In realtà il conflitto fra le teorie di Maxwell e Newton è un paradosso. Vediamo perché.
A metà ottocento il fisico scozzese James Clerk Maxwell, basandosi su vari esperimenti, scoprì una connessione fra la forza elettrica e magnetica, cioè il campo elettromagnetico. La teoria di Maxwell riuscì a dimostrare che le perturbazioni elettromagnetiche si muovevano a velocità sempre uguale, che si scoprì essere poi la velocità della luce. Da questo Maxwell dedusse che la luce non è altro che un particolare tipo di onda elettromagnetica.
Andrebbe tutto bene se non ci chiedessimo cosa succederebbe se ci mettessimo a viaggiare alla velocità della luce. Basandoci sulle leggi di Newton a proposito del moto, potremmo raggiungere una velocità tale che la luce ci sembrerebbe ferma. Questo contrasta con le leggi di Maxwell, secondo cui la luce viaggia sempre alla stessa velocità.
Einstein risolse questo paradosso formulando la già citata Teoria dell'Invarianza (a cui Planck dette il nome di Relatività Ristretta) della velocità della luce.
Fino al Novecento spazio e tempo erano considerati concetti assoluti, ed anche oggi è difficile separarci da questo "dogma" nel senso pratico. Einstein ribaltò questa concezione: lo spazio e il tempo sono percepiti in modo diverso da due osservatori in moto relativo l'uno rispetto all'altro. La conseguenza è che per Einstein due orologi perfettamente identici e funzionanti indossati da due diversi osservatori segnano l'ora in modo diverso. In generale la relatività ristretta riguarda proprio una rivoluzione nel fenomeno tempo. Il motivo per cui ancora oggi non abbiamo fatto nostra la relatività, è che le differenze tra un osservatore fermo e perfino uno sullo shuttle sono minuscole. Gli effetti sono apprezzabili man mano che ci si avvicina alla velocità della luce.
Il principio della relatività è molto semplice: prendiamo due
astronauti, che per comodità chiameremo A e B. Immaginiamo che stiano
fluttuando nel buio assoluto: mancando un sistema di riferimento, dal punto di
vista di A, egli è perfettamente fermo. A un certo punto B, con una luce
lampeggiante, gli passa accanto. Viceversa si può vedere tutto allo stesso modo
dal punto di vista di B. Ognuno dei due astronauti vede l'altro in movimento.
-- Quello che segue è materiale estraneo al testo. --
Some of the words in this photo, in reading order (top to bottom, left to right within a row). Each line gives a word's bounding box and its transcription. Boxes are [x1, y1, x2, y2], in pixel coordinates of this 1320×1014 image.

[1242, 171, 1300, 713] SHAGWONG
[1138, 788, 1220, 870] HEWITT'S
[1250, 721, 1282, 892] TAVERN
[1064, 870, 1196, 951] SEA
Entrambi hanno ragione. Infatti si può parlare solo di velocità relativa. Non
ha senso dire che A si sta muovendo a
Mentre non ha senso parlare della nostra velocità in senso assoluto, gli esperimenti del novecento mostrano che la luce si muove sempre alla stessa velocità: 299.792.458 m/s. (c, dal latino celeritas)
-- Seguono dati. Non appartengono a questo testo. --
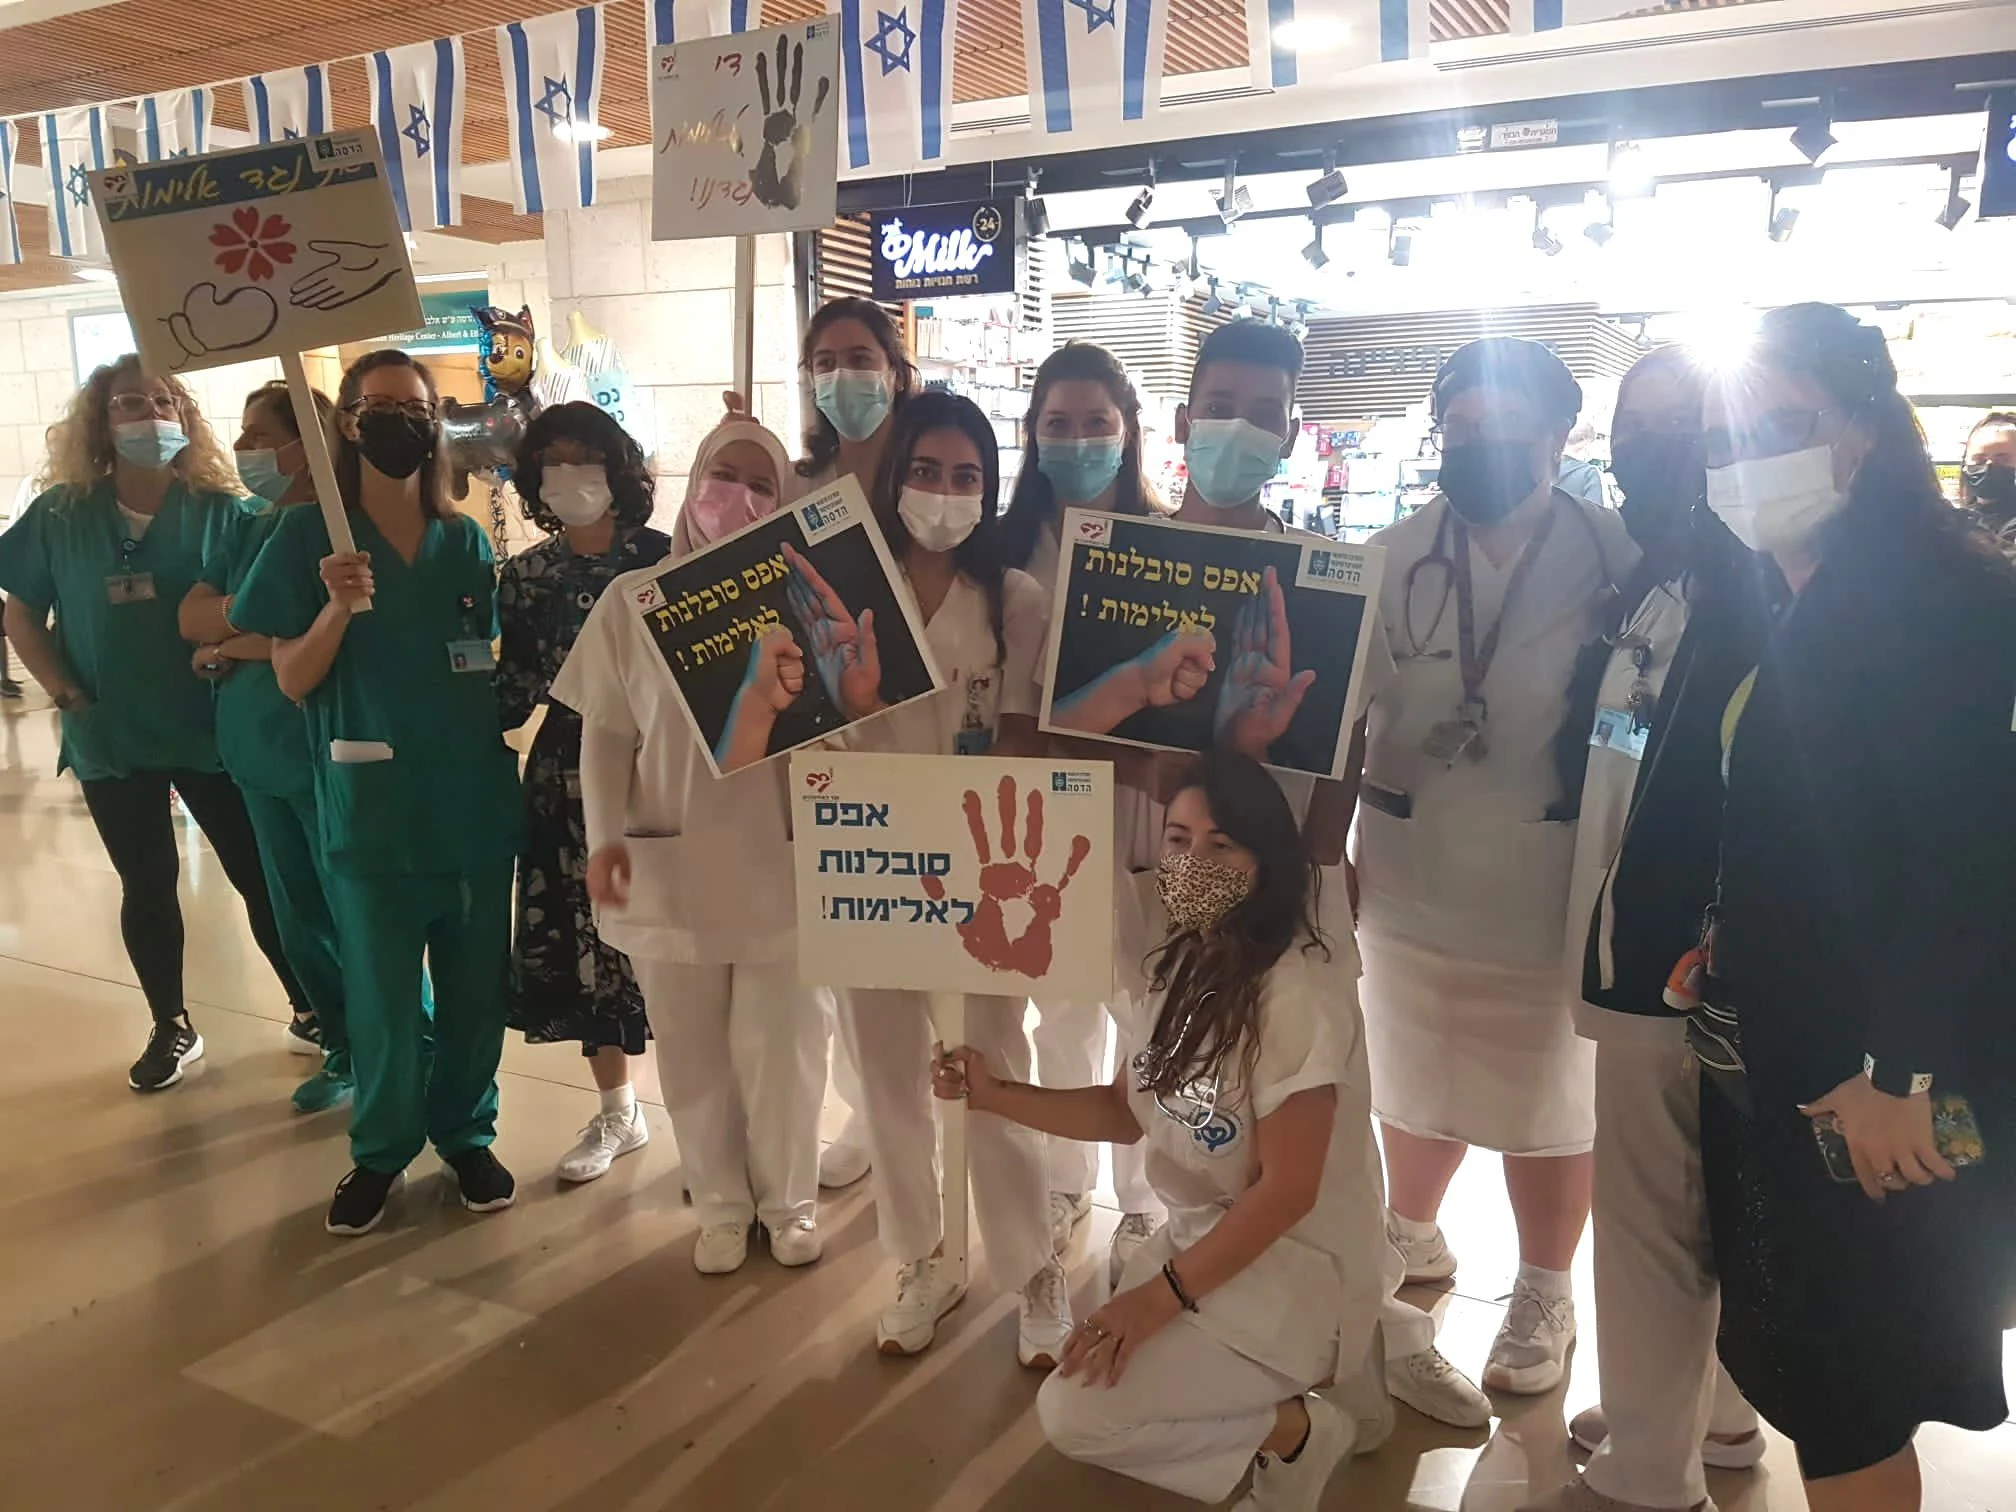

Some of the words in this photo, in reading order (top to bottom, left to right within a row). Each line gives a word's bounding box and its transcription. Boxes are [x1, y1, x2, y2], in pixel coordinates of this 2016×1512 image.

Per capire cosa significhi ciò, prendiamo un esempio di vita quotidiana: mettiamo che camminando per strada incontriate un cane feroce; appena vi vede si mette a rincorrervi per mordervi. Consideriamo che il cane si muova alla velocità costante di 10 m/s. Vi mettete a scappare, più o meno alla velocità di 7 m/s. Secondo le leggi newtoniane la velocità relativa del cane rispetto a voi e di 10-7=3 m/s. In mancanza di un rifugio il cane vi raggiungerà prima o poi, ma ciò ritarda il pericolo, aumentando le possibilità di scappare.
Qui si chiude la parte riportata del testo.